To do
Your task is to transcribe the data exactly while omitting each picture.

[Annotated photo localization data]
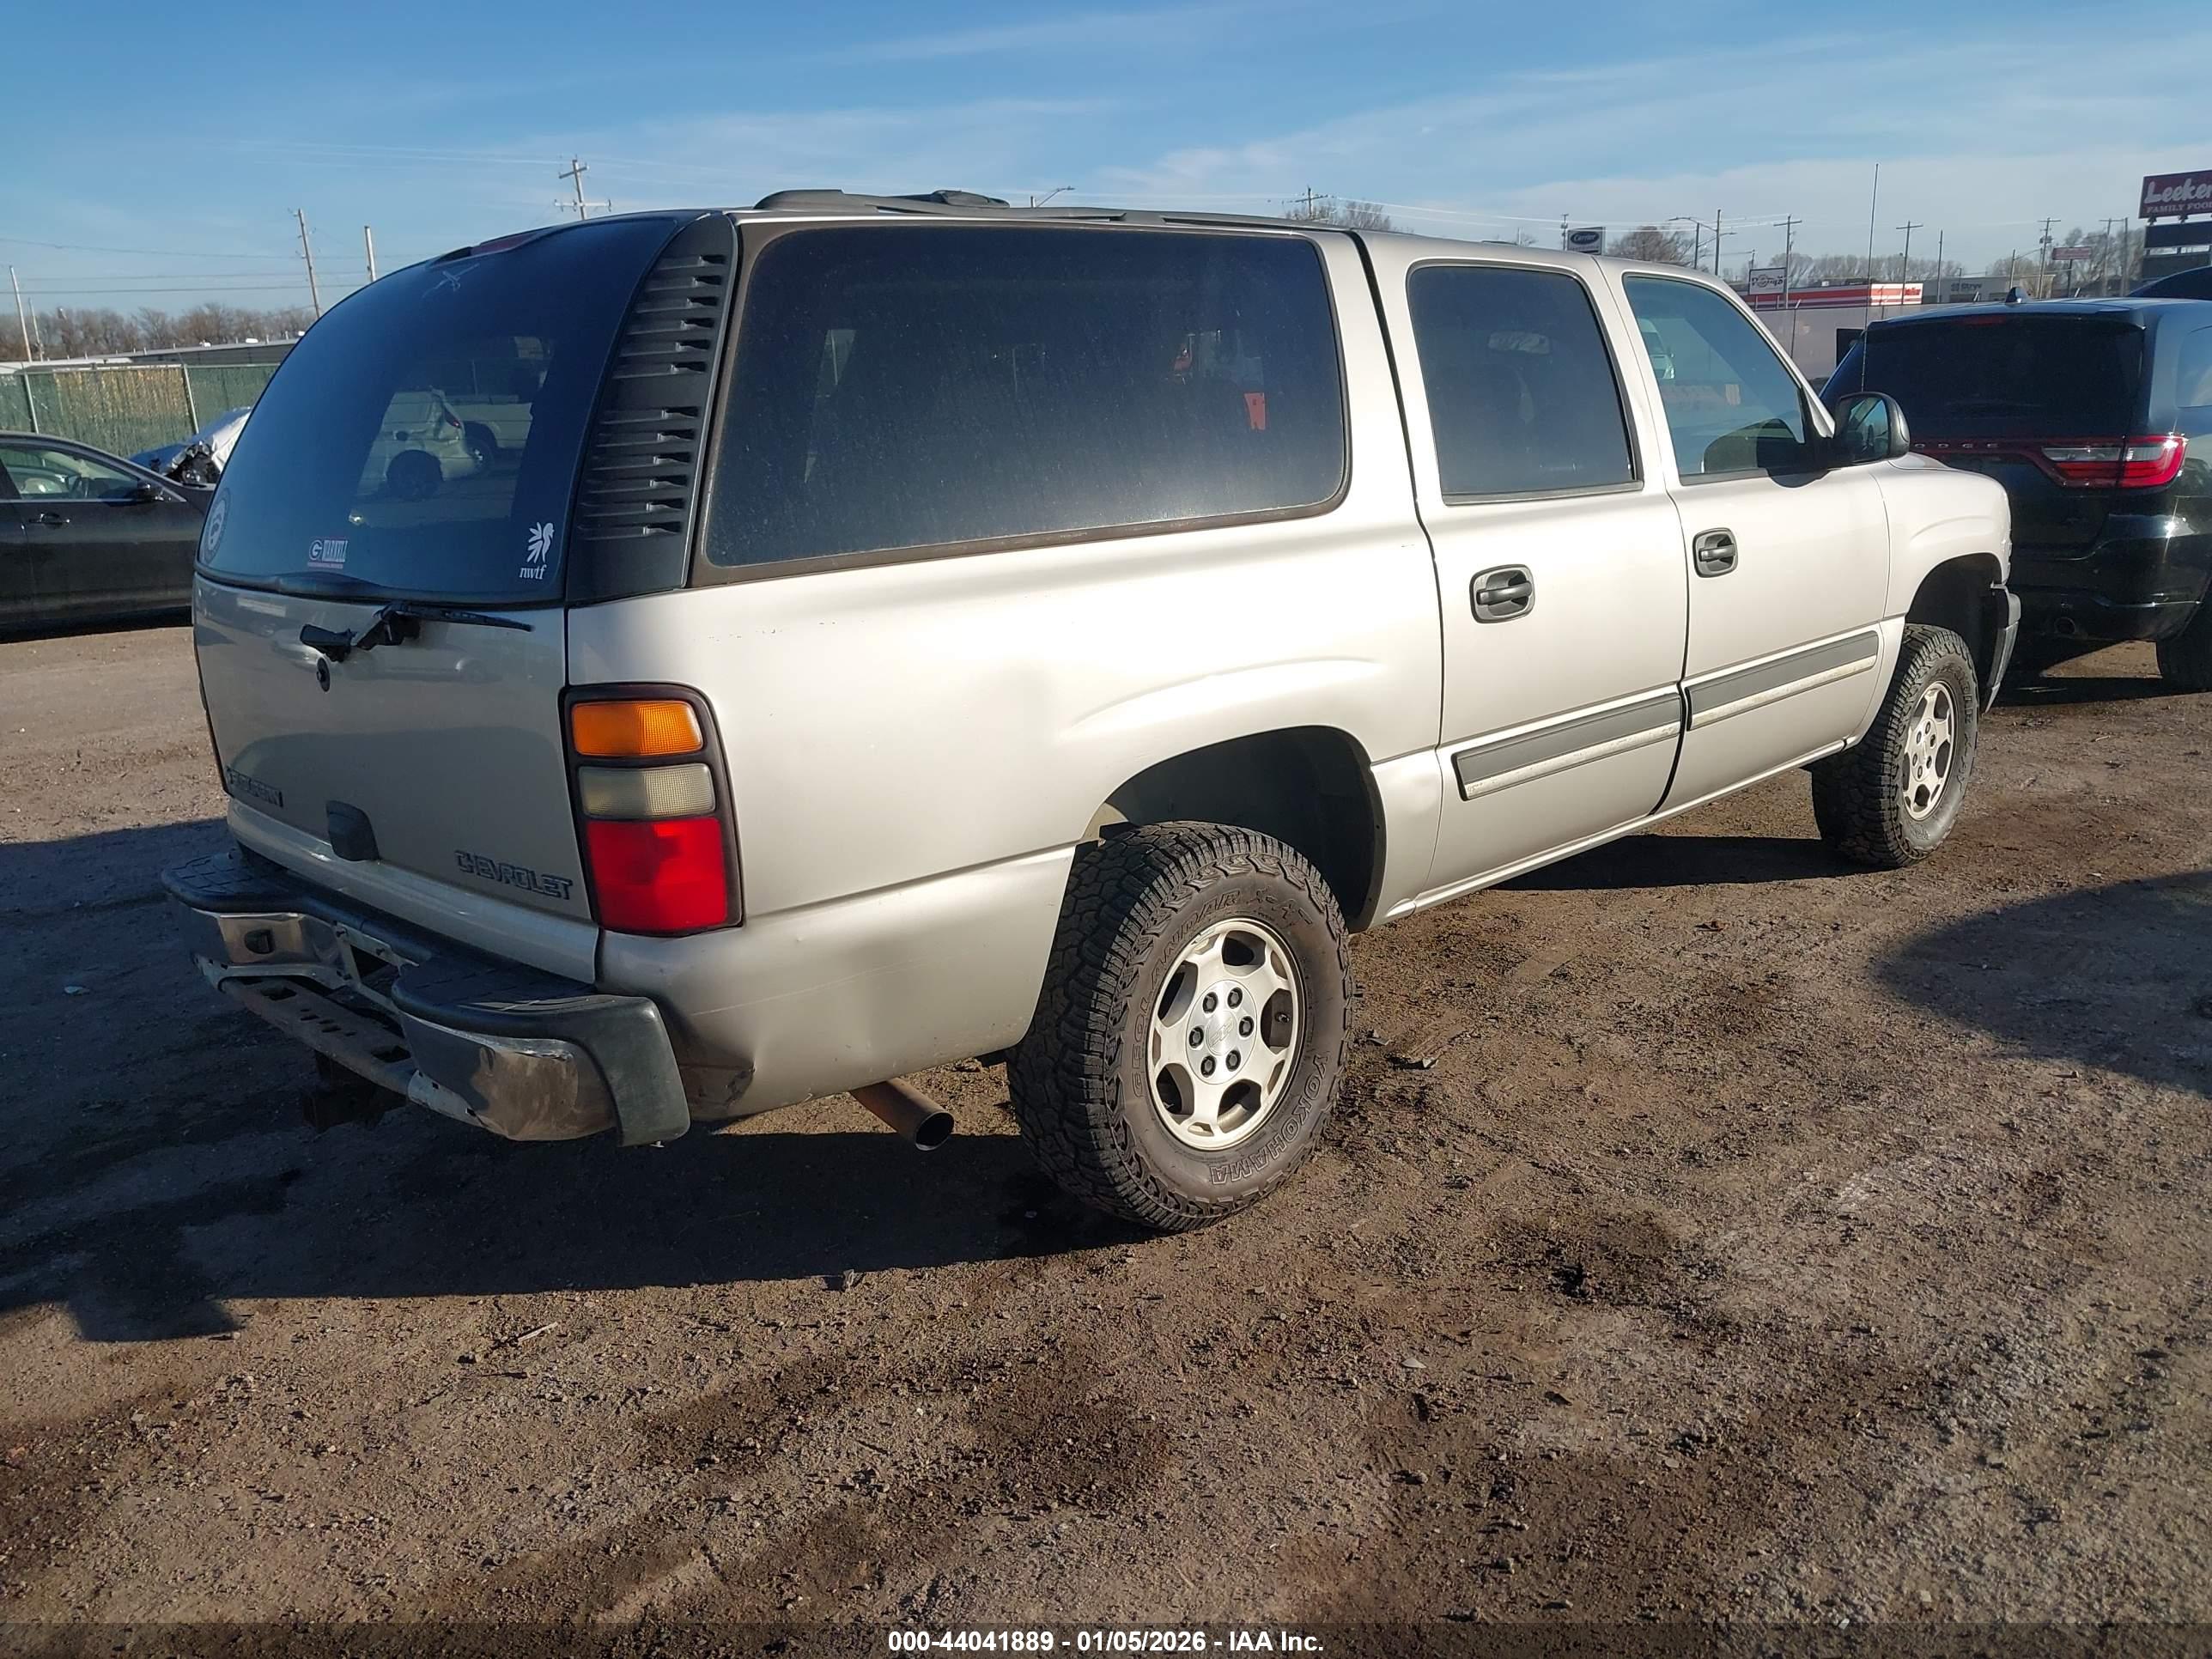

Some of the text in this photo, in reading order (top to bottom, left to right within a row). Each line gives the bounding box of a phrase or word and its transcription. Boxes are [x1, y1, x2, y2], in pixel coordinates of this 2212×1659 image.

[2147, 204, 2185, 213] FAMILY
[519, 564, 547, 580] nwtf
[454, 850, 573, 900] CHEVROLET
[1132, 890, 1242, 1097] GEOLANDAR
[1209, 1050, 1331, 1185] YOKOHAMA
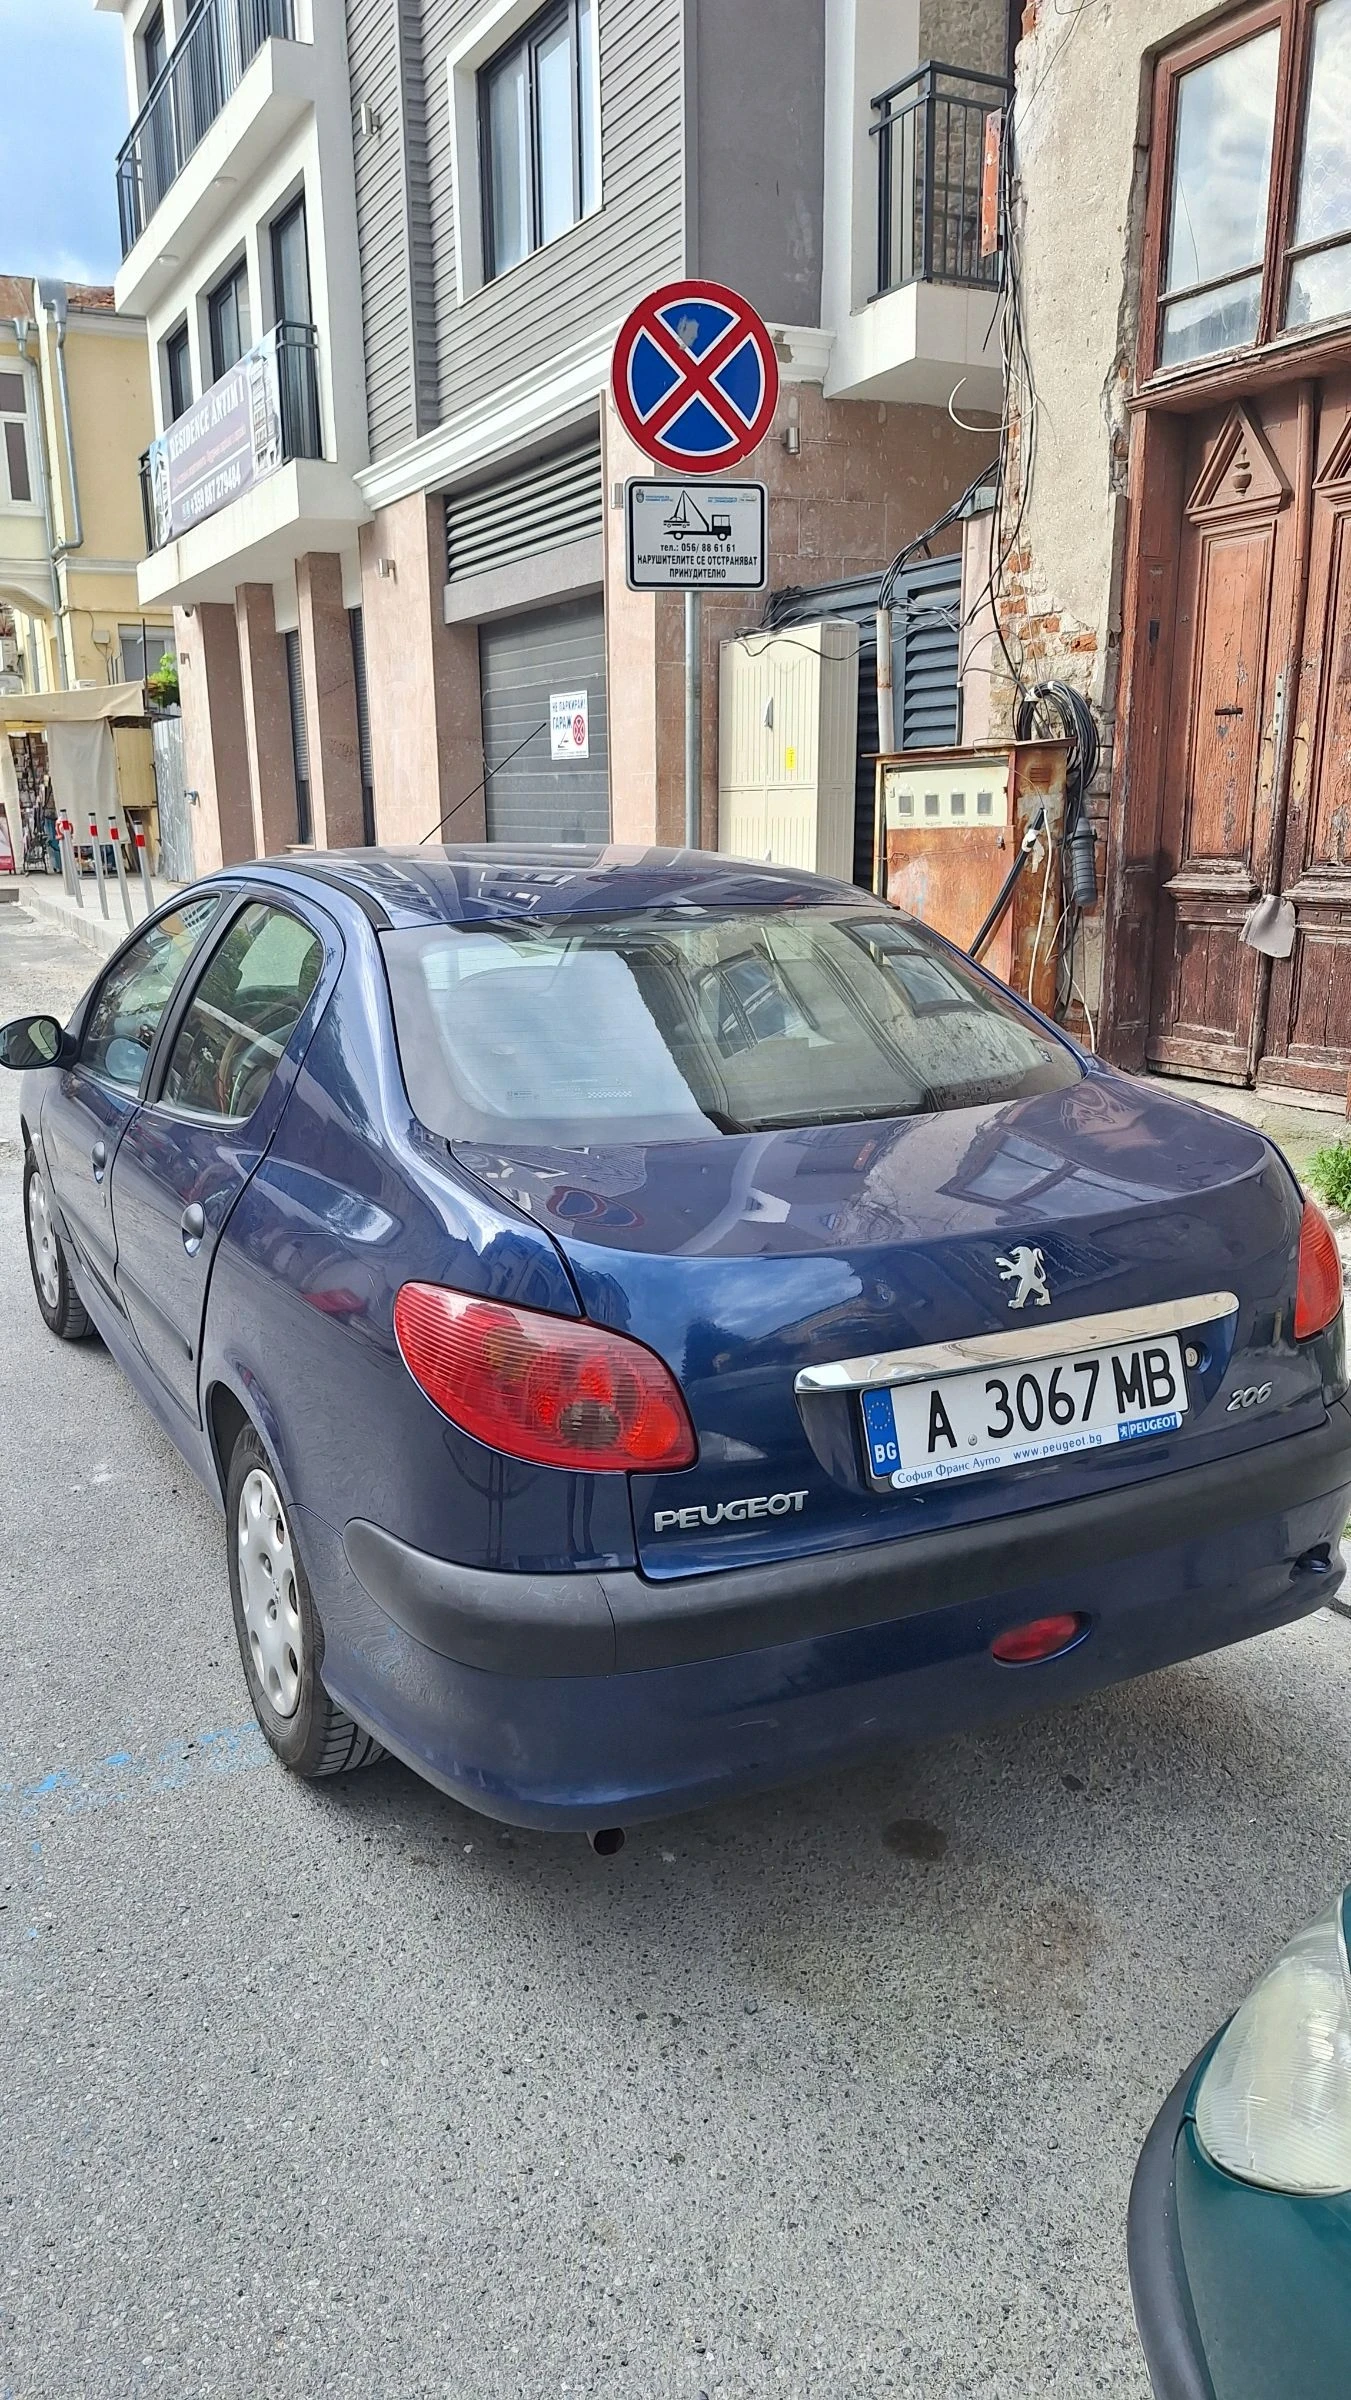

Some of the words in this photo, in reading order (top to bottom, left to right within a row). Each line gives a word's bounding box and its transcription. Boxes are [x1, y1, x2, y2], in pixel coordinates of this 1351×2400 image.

Exercise response
Some of the text in this photo, in reading order (top to bottom, left to right within a row). Each line gives the bounding box of a phrase or word and its transcription. Boxes are [x1, y1, x2, y2], in pixel coordinates of this 2212×1659 image.

[2147, 204, 2185, 213] FAMILY
[519, 564, 547, 580] nwtf
[454, 850, 573, 900] CHEVROLET
[1132, 890, 1242, 1097] GEOLANDAR
[1209, 1050, 1331, 1185] YOKOHAMA

Some of the words in this photo, in reading order (top to bottom, left to right within a row). Each line gives a word's bounding box and its transcription. Boxes are [x1, y1, x2, y2], in pixel coordinates of this 1351×2400 image.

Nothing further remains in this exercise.